Choosing Your Materials

Frame material is the first decision because it determines cost, longevity, and how the bed looks in your garden for the next decade (or three). Each option has genuine trade-offs.

Untreated Softwood (Pine, Spruce)

The cheapest entry point. Standard construction timber from a builders’ merchant costs very little per linear metre and is easy to cut, drill, and assemble. The catch: pine in ground contact rots within 3–5 years, sometimes faster in wet winters. It’s a perfectly reasonable choice if you want to test raised bed growing before committing more money, or if you’re happy to rebuild periodically. Use 38mm-thick boards minimum — thinner boards warp and bow under soil pressure.

Hardwood and Timber Sleepers (Oak, Sweet Chestnut, Larch)

Hardwood naturally resists rot and should last 10–15 years without treatment. Railway sleepers — either genuine reclaimed oak or new softwood sleepers — are a popular choice for their chunky look and solidity. Reclaimed sleepers are weighty enough that the bed needs no fixings; they just sit in a stack. New oak sleepers are expensive but genuinely beautiful and long-lasting. A practical note: green oak continues to shrink and crack as it dries, so expect some surface checking — this doesn’t affect structural integrity.

Galvanised Corrugated Steel

Modern steel raised beds have moved well beyond the agricultural look. Powder-coated corrugated panels look clean and contemporary, resist rust for 20–30 years, and need almost zero maintenance. The main practical concern is heat absorption: steel beds can raise soil temperature significantly in full summer sun. In a hot summer this stresses shallow root zones. Choose lighter colours, shade-plant the south-facing side, or mulch the soil surface heavily. Steel also stays colder in early spring until the sun warms it, partially offsetting the season-extension benefit. On balance, steel suits exposed or modern garden designs very well.

Brick and Stone

Permanent, beautiful, and excellent at retaining warmth. A brick raised bed holds heat well into the evening, extending the growing day for warm-season crops. The downsides: cost, time to build, and slug habitat. Brick and stone courses create cavities where slugs shelter during the day. If you build a masonry bed, the RHS recommends leaving 45cm-interval drainage gaps in the base courses and covering the internal face with galvanised mesh [1] — this improves drainage and removes slug hiding spots.

Recycled Plastic Lumber

Made from post-consumer plastic, these boards won’t rot, splinter, or need treatment. Lifespan is effectively indefinite. They’re expensive upfront and not to everyone’s aesthetic taste, but for a truly low-maintenance bed they’re hard to beat. Particularly useful in community gardens or allotments where nobody wants to rebuild beds every few years.
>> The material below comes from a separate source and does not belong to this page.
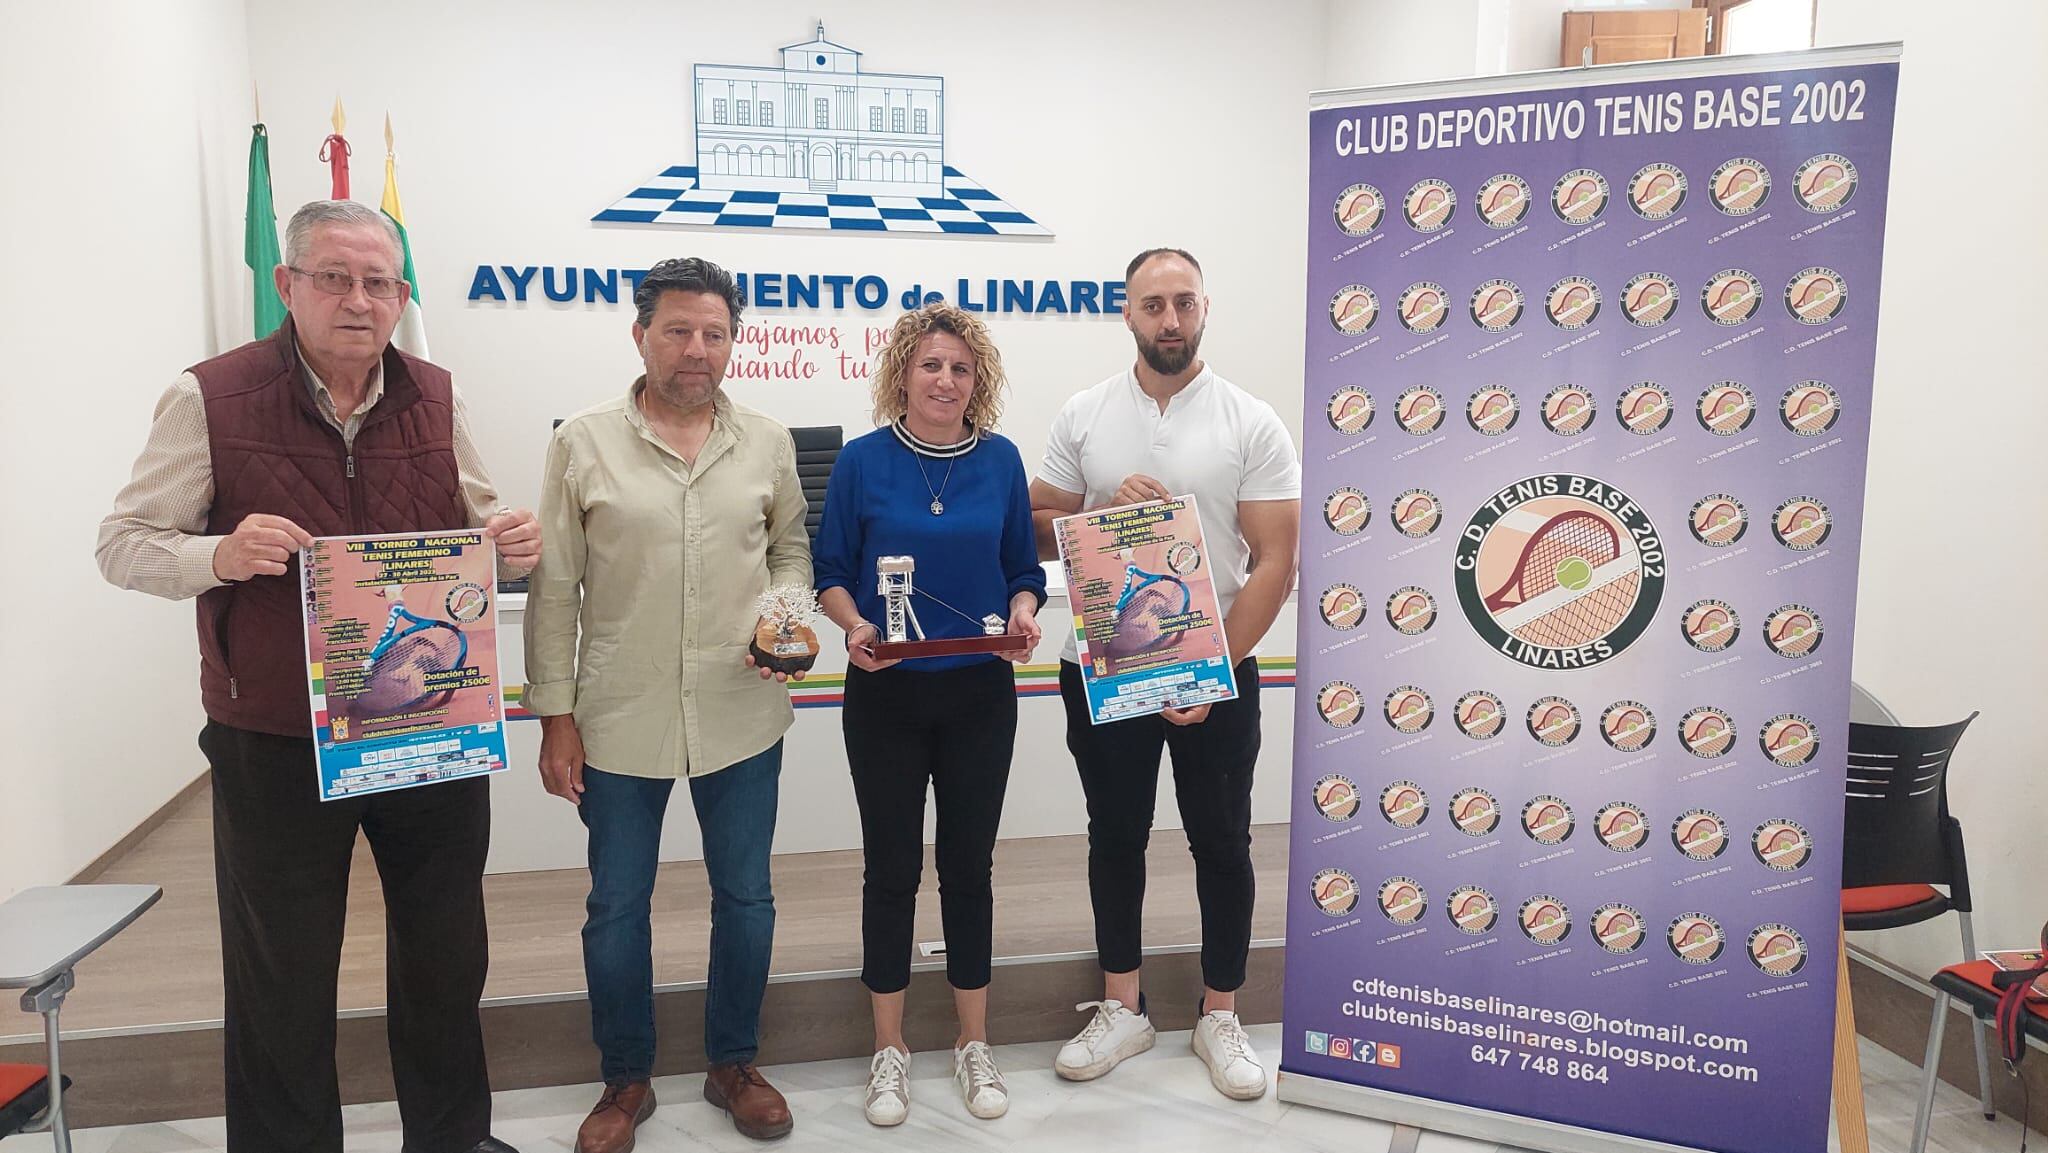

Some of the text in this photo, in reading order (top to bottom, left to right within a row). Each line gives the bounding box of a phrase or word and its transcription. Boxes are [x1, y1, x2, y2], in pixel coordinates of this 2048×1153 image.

A Note on Treated Wood Safety

Many gardeners worry about pressure-treated timber leaching chemicals into vegetables. This concern is outdated for modern timber. The arsenic-containing CCA preservative was banned in the UK and US in 2004; modern pressure-treated wood uses copper-based alternatives (ACQ or CA-C). A 2024 Oregon State University study tested 11 vegetable crops — including root crops such as carrots and beets grown directly in the soil — in CA-C treated beds over three full growing seasons. The result: no detectable increase in copper concentration in any tested crop [12]. Use timber labelled for “ground contact,” avoid anything pre-2004, and the food safety question is resolved.
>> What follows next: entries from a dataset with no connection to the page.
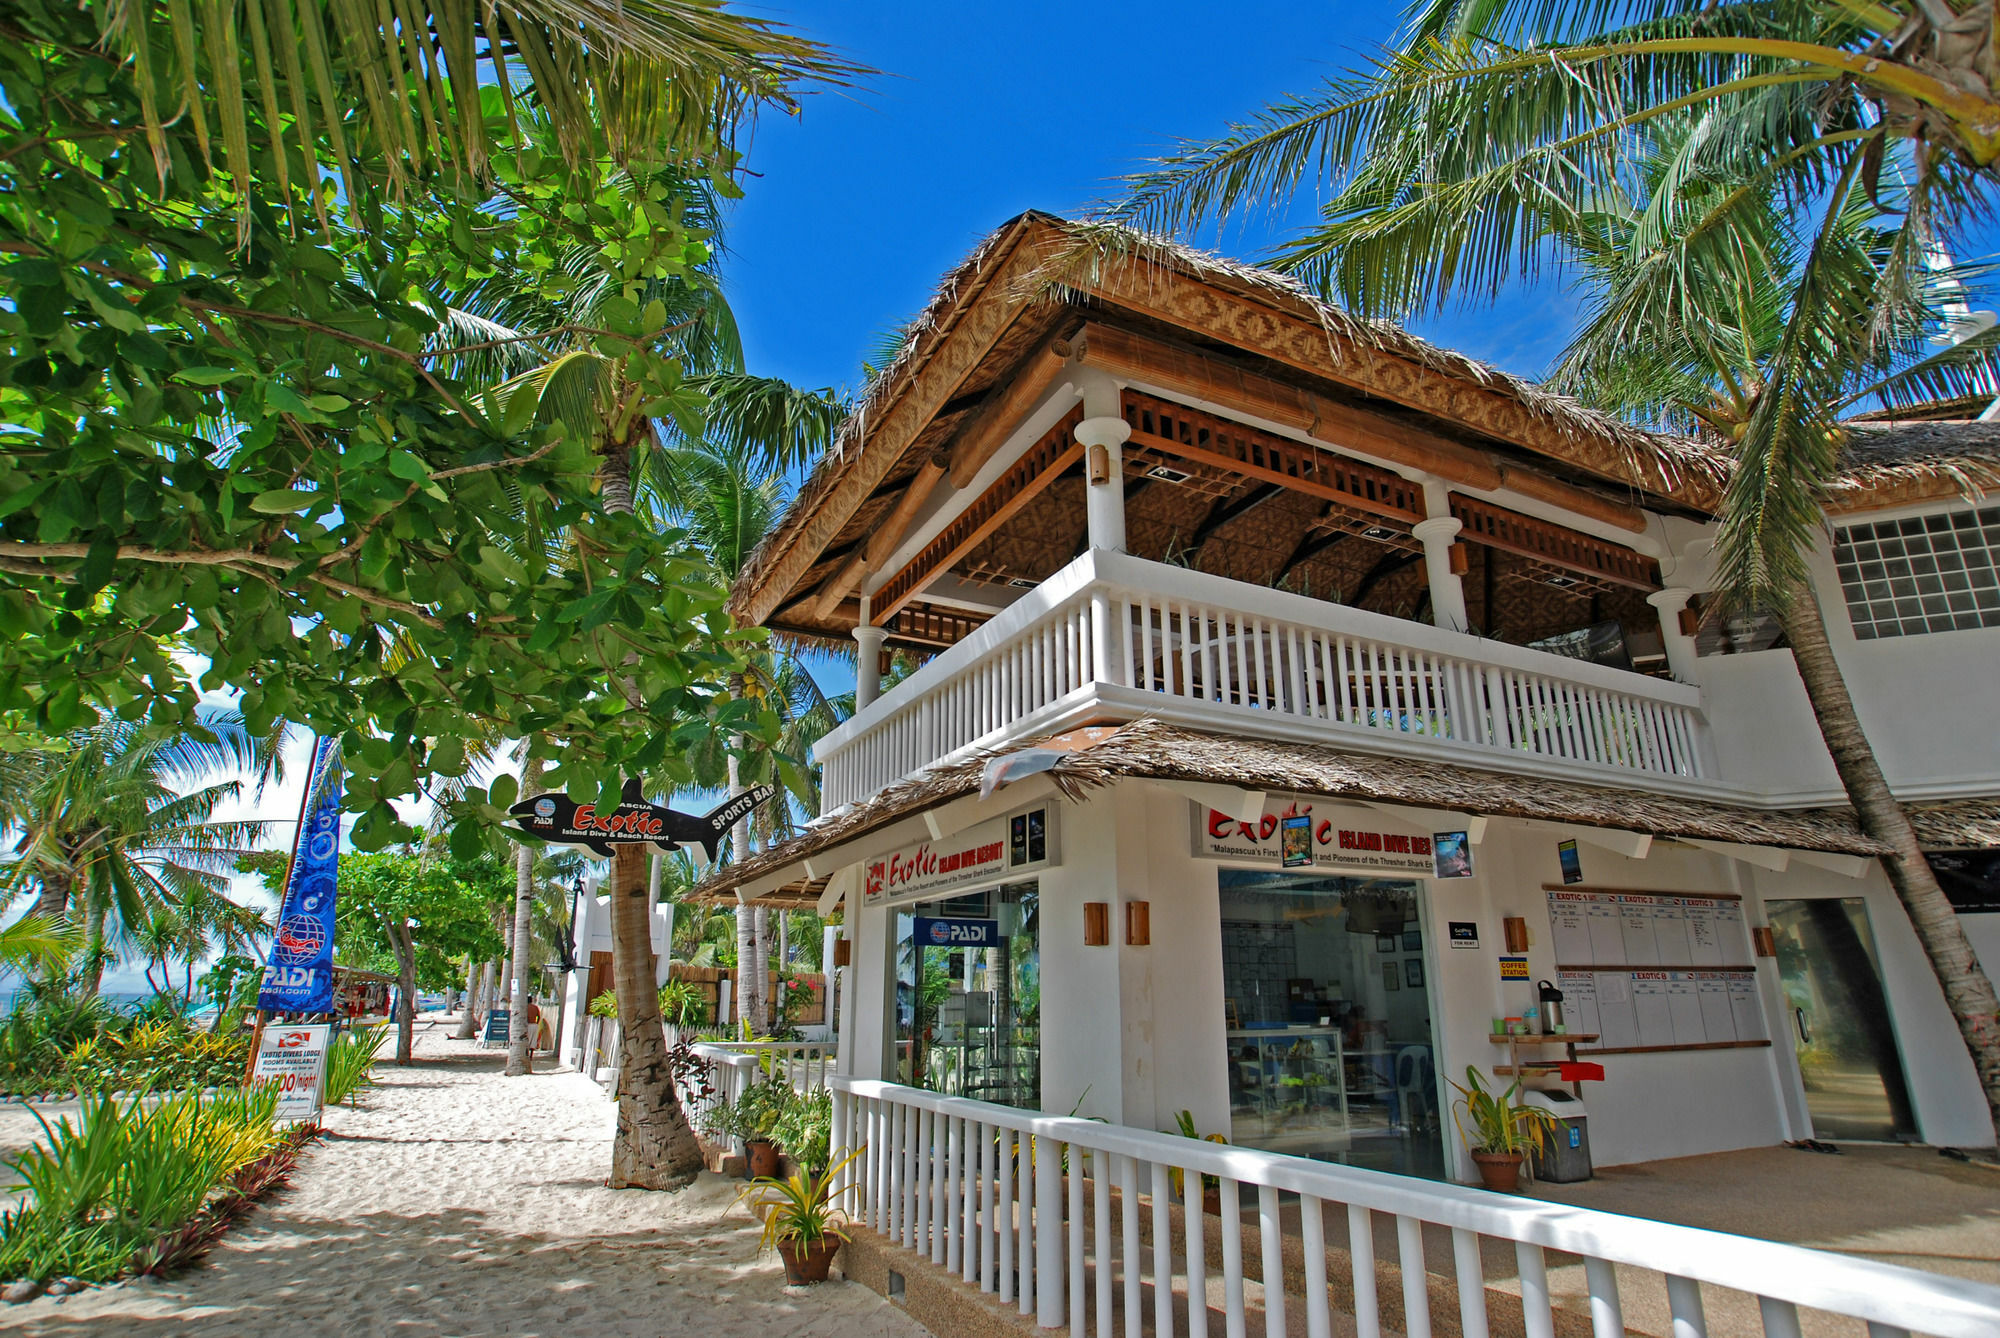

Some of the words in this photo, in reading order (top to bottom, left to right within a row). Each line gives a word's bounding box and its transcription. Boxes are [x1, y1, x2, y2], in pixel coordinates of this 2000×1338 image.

[712, 796, 752, 830] SPORTS
[753, 783, 775, 802] BAR
[533, 817, 553, 825] PADI
[573, 804, 662, 835] Exotic
[562, 828, 587, 836] Island
[1338, 830, 1382, 851] ISLAND
[1383, 834, 1410, 854] DIVE
[1263, 848, 1279, 857] First
[889, 844, 938, 888] Exotic
[939, 853, 960, 874] ISLAND
[961, 849, 976, 869] DIVE
[977, 841, 1003, 865] RESORT
[1333, 854, 1360, 863] Pioneers
[1369, 856, 1378, 864] the
[1380, 857, 1406, 866] Thresher
[1556, 892, 1581, 901] EXOTIC
[1583, 893, 1588, 901] 1
[1625, 896, 1647, 904] EXOTIC
[951, 925, 987, 941] PADI
[261, 965, 315, 987] PADI
[260, 987, 311, 995] padi.com
MaterialApprox. LifespanCost (relative)Best for
Untreated softwood (pine)3–5 yearsLowFirst beds, low budget, trial runs
Hardwood / oak sleepers10–15+ yearsMedium–HighLong-term beds, traditional look
Galvanised steel20–30+ yearsMediumModern aesthetics, minimal upkeep
Brick or stonePermanentHighPermanent installations, heat retention
Recycled plasticIndefiniteHighZero maintenance, community gardens

Getting the Dimensions Right

Two dimensions matter most and most guides get at least one of them wrong.

Width: No More Than 1.2m

The rule is simple: you need to reach the centre of the bed comfortably from either side without stepping on the soil. The moment you stand on raised bed soil, you compact it — exactly what you’re trying to avoid. The RHS recommends under 1.5m (5ft) for beds accessible from both sides [1]. In practice, most experienced growers settle on 1.2m (4ft) as the standard: reachable by almost everyone, and exactly the width of a square-foot gardening layout.

If your bed runs against a wall or fence and can only be reached from one side, halve the width to 60cm maximum.
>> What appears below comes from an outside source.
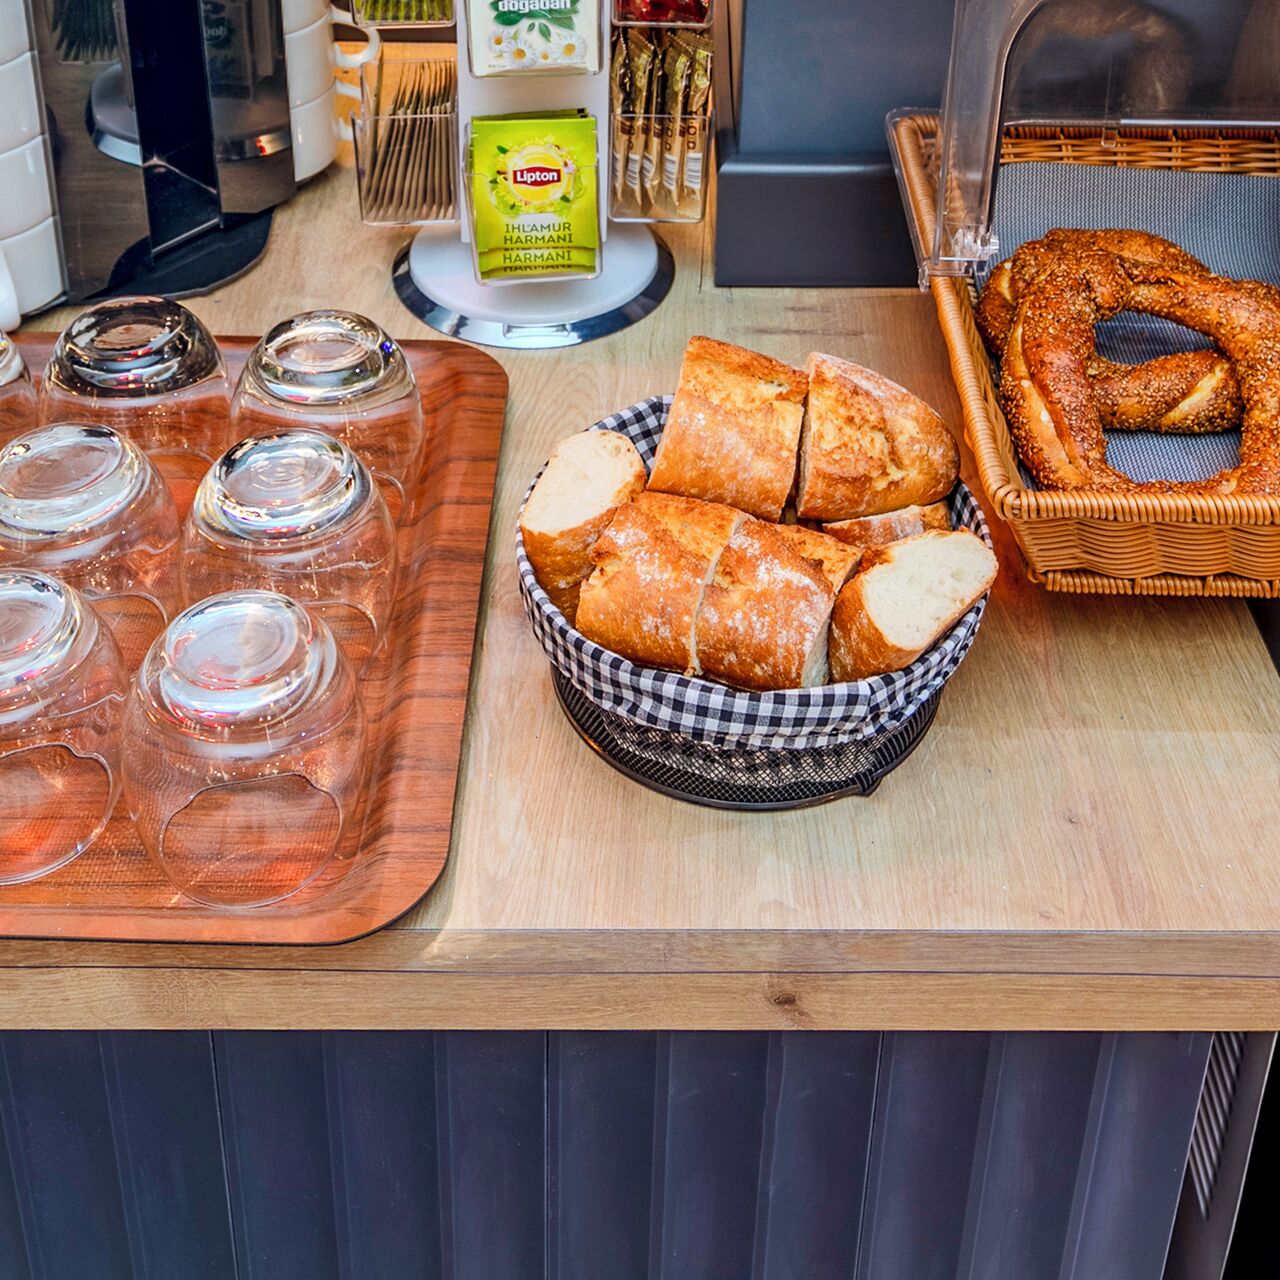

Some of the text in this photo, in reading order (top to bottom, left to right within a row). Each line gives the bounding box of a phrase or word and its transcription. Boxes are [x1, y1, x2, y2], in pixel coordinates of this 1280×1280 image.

[516, 169, 558, 184] Lipton
[505, 222, 571, 233] IHLAMUR
[503, 233, 573, 245] HARMANI
[502, 250, 572, 264] HARMANI
Depth: Match It to Your Crops

This is where most beginner guides fail. “12 inches is enough” is common advice, but it isn’t enough for everything — and it wastes money on fill for beds where shallower would do. Here are the practical minimums based on root zone requirements [5]:

Crop TypeExamplesMinimum Depth
Shallow-rootedSalad leaves, spinach, radishes, beans20–25cm (8–10in)
Medium-rootedHerbs, courgettes, strawberries, brassicas30–38cm (12–15in)
Deep-rootedTomatoes, carrots, parsnips, potatoes45cm+ (18in+)

For a versatile bed that grows everything, 45cm (18in) is the target. If your bed sits directly on garden soil (not a hard surface), roots can extend down into native ground — in which case 30cm of quality fill over deep soil is workable for most crops [1].

Fill to within 5cm of the rim and allow two weeks for settling before sowing. The RHS recommends this settling period so that the surface doesn’t drop further after seeds have germinated [1].

Length and Pathways

Length is flexible, but boards shorter than 1.8m (6ft) are less likely to bow or warp under soil pressure [7]. The most practical sizes are 1.2 × 2.4m or 1.2 × 3.6m. Leave a minimum 45cm (18in) path between beds for comfortable access; widen to 1m (3ft) if you use a wheelbarrow.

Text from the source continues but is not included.